Clyde the Innkeeper

Hello, everyone, and let me first say that I’m honoured to be here at the Strand Café’s inaugural open mic night. I’m Nate the Great, and I’ll be doing something a little different tonight. Do you guys like magic? Do you like card tricks? I know everyone is probably anxious to get back to the wonderful folk music, but let me assure you that this isn’t one of those “pick a card, any card” type tricks. No, sir — I’m going to use this deck of cards to tell a story.

Who here has heard of a man named Clyde the Innkeeper before? Show of hands? Anybody? Well, gather around the table in front of me, folks, and I’ll tell his tale. So the thing about Clyde the Innkeeper is that he’s a bit of a . . .

Nate the Great lays a joker on the table in front of him.

Joker! He’s always clowning around with his guests when they check in to the . . .

Nate lays down three aces and the five of diamonds.

Four Aces! Oh . . . Well, I guess some of the bulbs on the inn’s sign have burnt out. Because the sign out front is supposed to have four aces, but one of them doesn’t light up anymore. And the five is the, uh . . . The cost of replacing the burnt-out bulbs is five dollars, which Clyde will definitely get around to doing soon. But anyways, one night Clyde is standing behind the reception desk at the inn when four beautiful women walk in.

Nate lays down two queens, a jack and the eight of spades.

Shit! I mean, that’s what one of the women says as she’s walking in. One of the queens stubs her toe on an umbrella stand and says, “Shit.” So this group is a women’s volleyball team from out of town, and they’re all exquisitely beautiful. And one of them is, uh . . . One of them had sexual reassignment surgery and is named Jack now. And one of the girls is nicknamed Crazy Eight because she’s a little crazy, I guess.

Nate picks up the deck and looks through the cards.

I don’t understand where they . . . Whatever. Moving along, the volleyball team walks in and asks Clyde for two rooms.

Nate lays down the nine of hearts.

Actually, they ask for nine rooms. So they can have extra space for their volleyball equipment. And then Clyde tells them the rooms will cost them six . . .
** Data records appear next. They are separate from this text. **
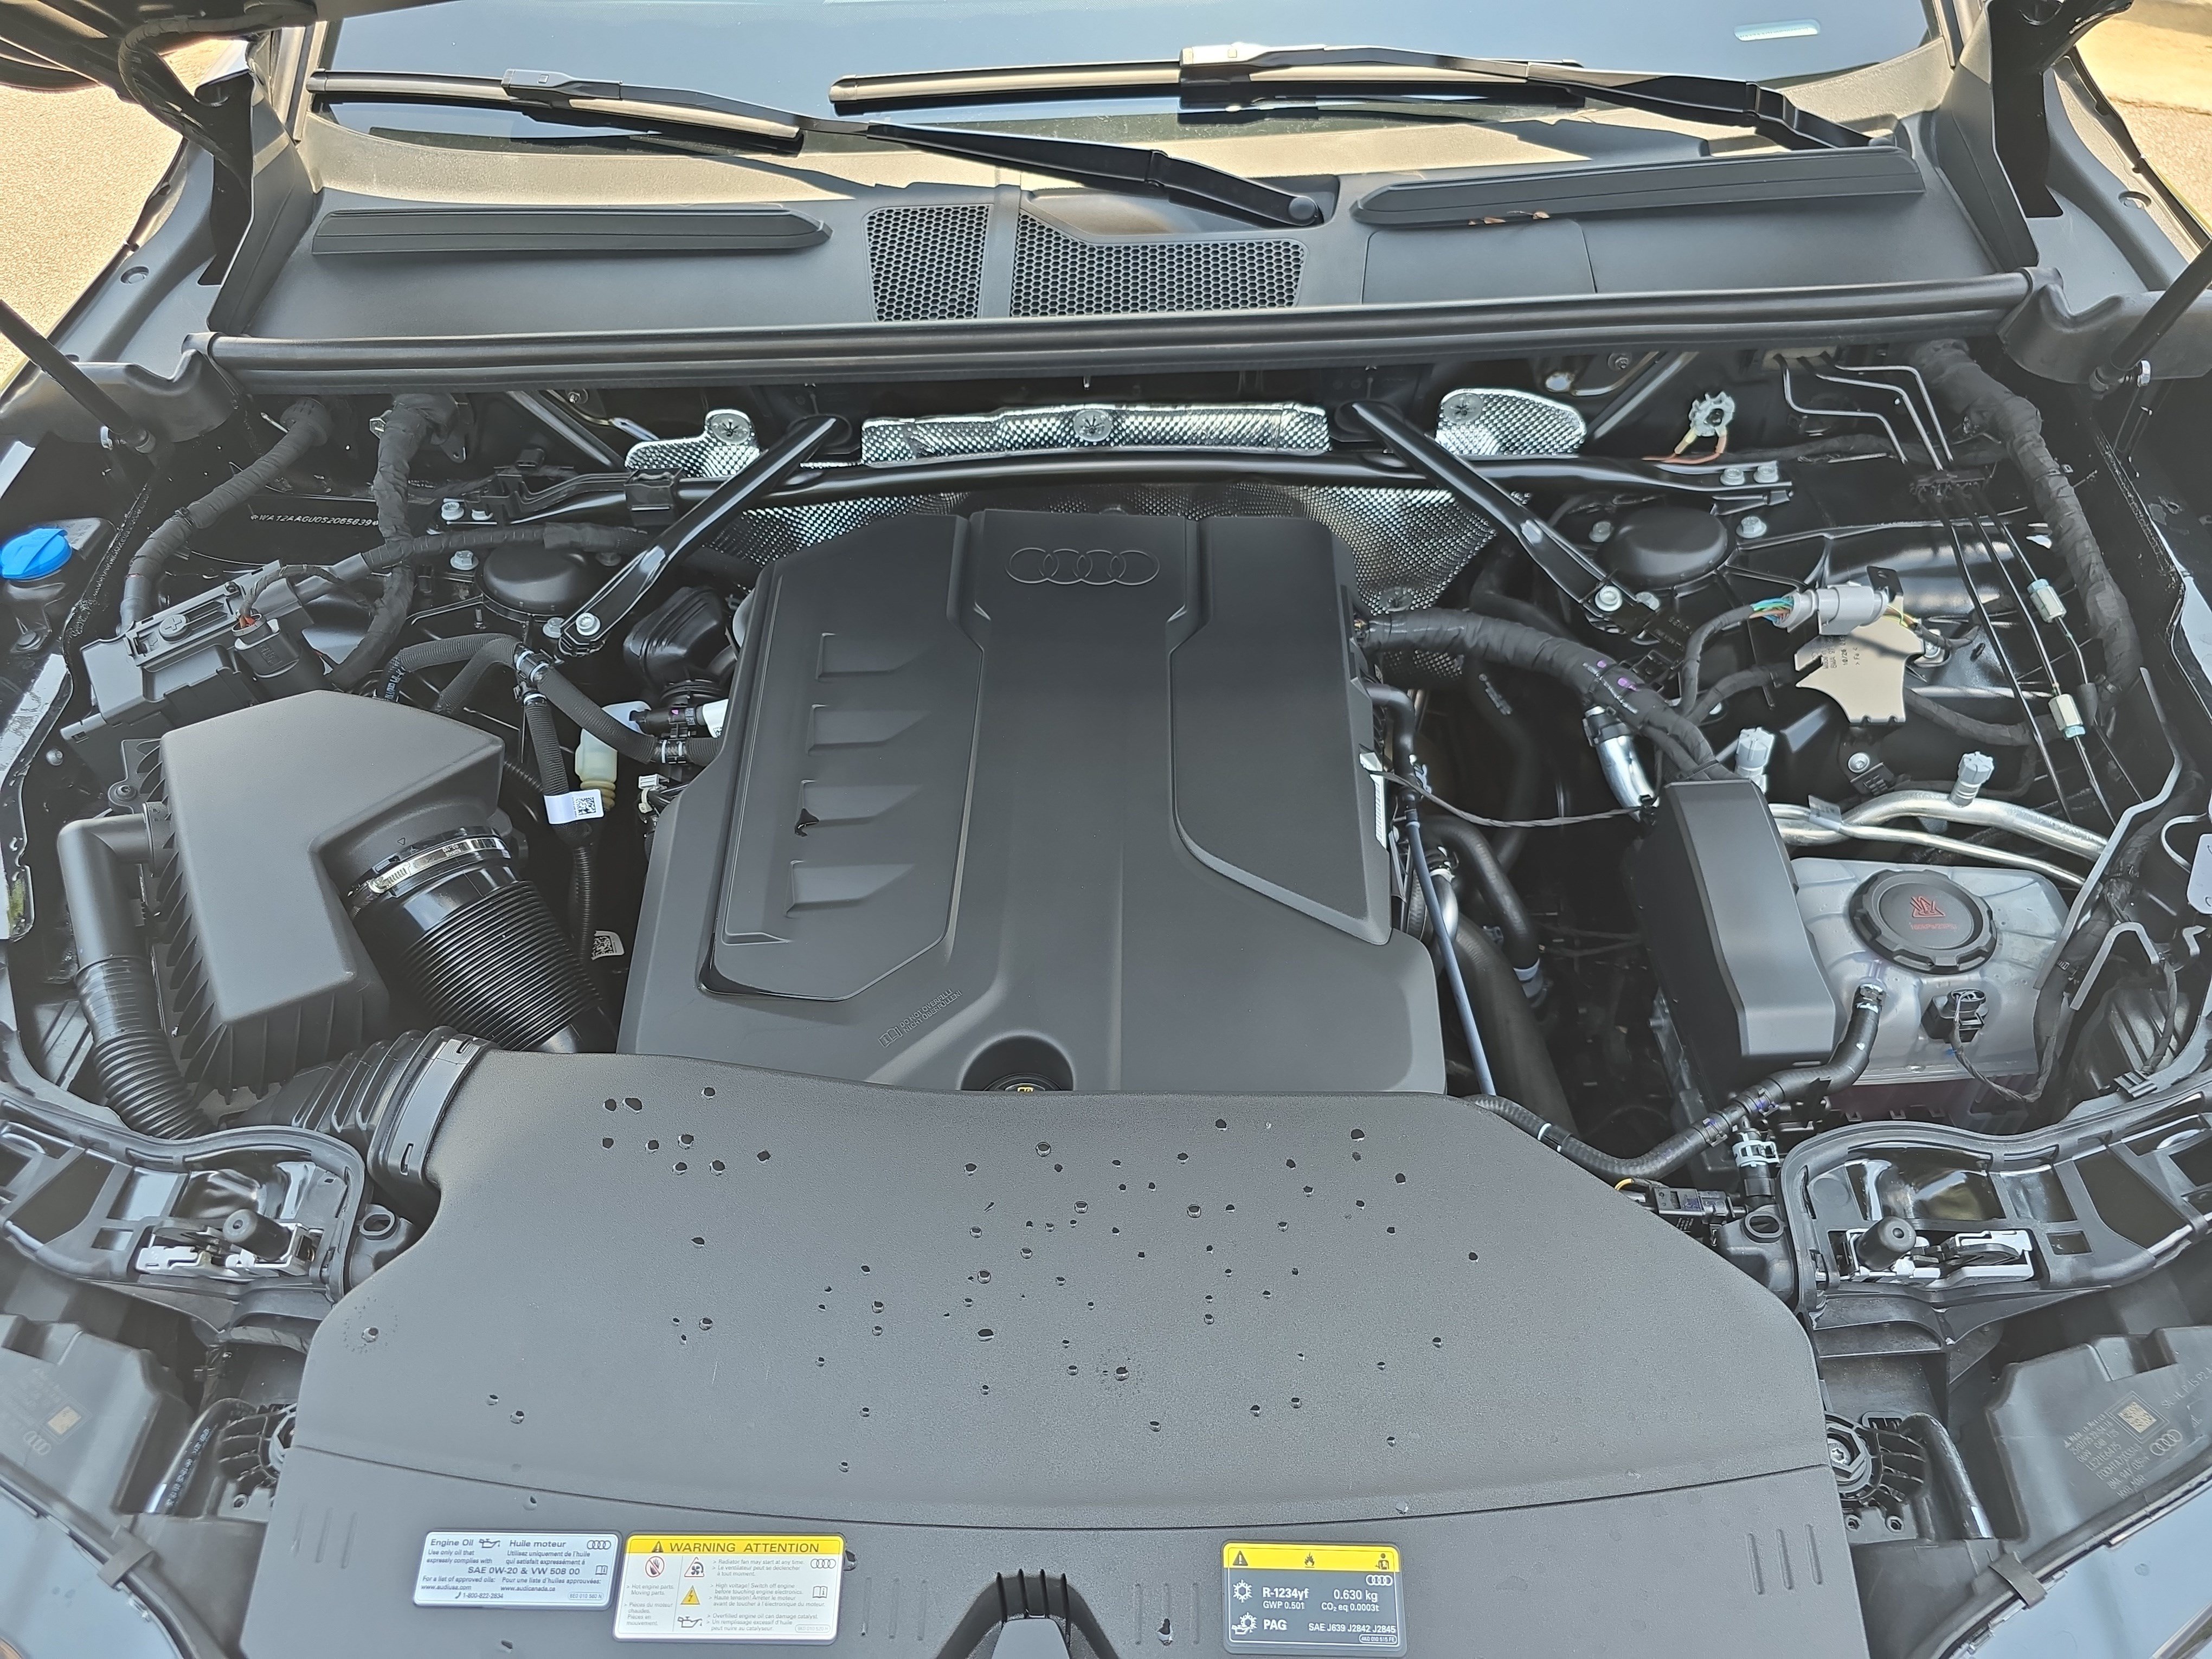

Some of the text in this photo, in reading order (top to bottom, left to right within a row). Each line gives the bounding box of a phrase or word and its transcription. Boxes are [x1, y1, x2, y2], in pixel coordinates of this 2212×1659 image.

[899, 1019, 910, 1028] DO
[909, 1009, 924, 1023] NOT
[670, 1542, 819, 1553] WARNING ATTENTION
[1262, 1586, 1378, 1603] R-1234yf 0.630 kg
[1263, 1601, 1283, 1610] GWP
[1284, 1602, 1305, 1610] 0.501
[1338, 1605, 1349, 1613] eq
[1349, 1604, 1380, 1612] 0.0003t
[1263, 1619, 1288, 1631] PAG
[1308, 1623, 1396, 1633] SAE J639 J2842 J2845
Nate lays down three kings.

A king’s ransom. Clyde says it will cost them “a king’s ransom” to stay at the inn, because he’s a bit of a joker, remember? And then Clyde tells them he’s kidding and that the actual price is six hundred and sixty-six dollars.
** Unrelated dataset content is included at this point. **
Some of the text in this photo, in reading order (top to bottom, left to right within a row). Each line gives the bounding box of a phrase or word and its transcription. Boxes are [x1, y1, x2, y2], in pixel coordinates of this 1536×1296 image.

Nate sorts through his deck for a minute, pulls out three sixes, and lays them down.

There, okay? Clyde tells the volleyball team it’ll be six hundred and sixty-six dollars for the rooms and they say, “I hope there aren’t any demonic spirits haunting the inn.” And Clyde says, “Not unless you count my mother-in-law,” who I guess is staying there too. Ha ha, okay?

Moving on. The volleyball team tells Clyde the Innkeeper that they’ve had a long journey and would like to know where they can get a nice meal. And Clyde tells them that they need look no further, because the Four Aces happens to have its own restaurant called the . . .

Nate lays down a card depicting various poker hands.

Poker Hands? I thought I took that one . . . Yes, the restaurant is called Poker Hands. Because there is this local legend where a man with pokers for hands — like, hot pokers you’d stoke a fire with — apparently used to run around the town killing people with his crazy poker hands. Whatever. So before the volleyball team goes to the restaurant, Clyde the Innkeeper takes their bags up to their nine rooms, and they leave him a two-dollar tip . . .

Nate lays down a king.

Really? Uh, so maybe the volleyball team gives Clyde two bucks for a tip and then Clyde says, “This tip is certainly a king’s ransom.” Like he’s bringing back his joke from earlier. Or, wait — before the whole tip thing, Clyde tells the volleyball team that he hopes they enjoy the king-size mattresses in their rooms. There. And so then the team wants to go back down and have their dinner at Poker Hands, but Clyde tells them the restaurant doesn’t open until . . .

Nate lays down a joker.

Uh . . . So Clyde says some unusual time for a restaurant to be opening — like three in the morning or something. But then he says he’s kidding, because remember he’s a joker. I can’t do this anymore.

Nate lays down the deck’s remaining cards and spreads them out on the table.

So what happens next is that all these people start walking into the Four Aces looking for rooms, and they all have nicknames involving numbers or royal titles, and that’s the end. So there you go; you can all get back to your Jason Mraz covers now. Voila! Or, the magician one —abracadabra. Peace out.

Nate exits the café to the sound of a barista steaming milk, leaving his cards on the table.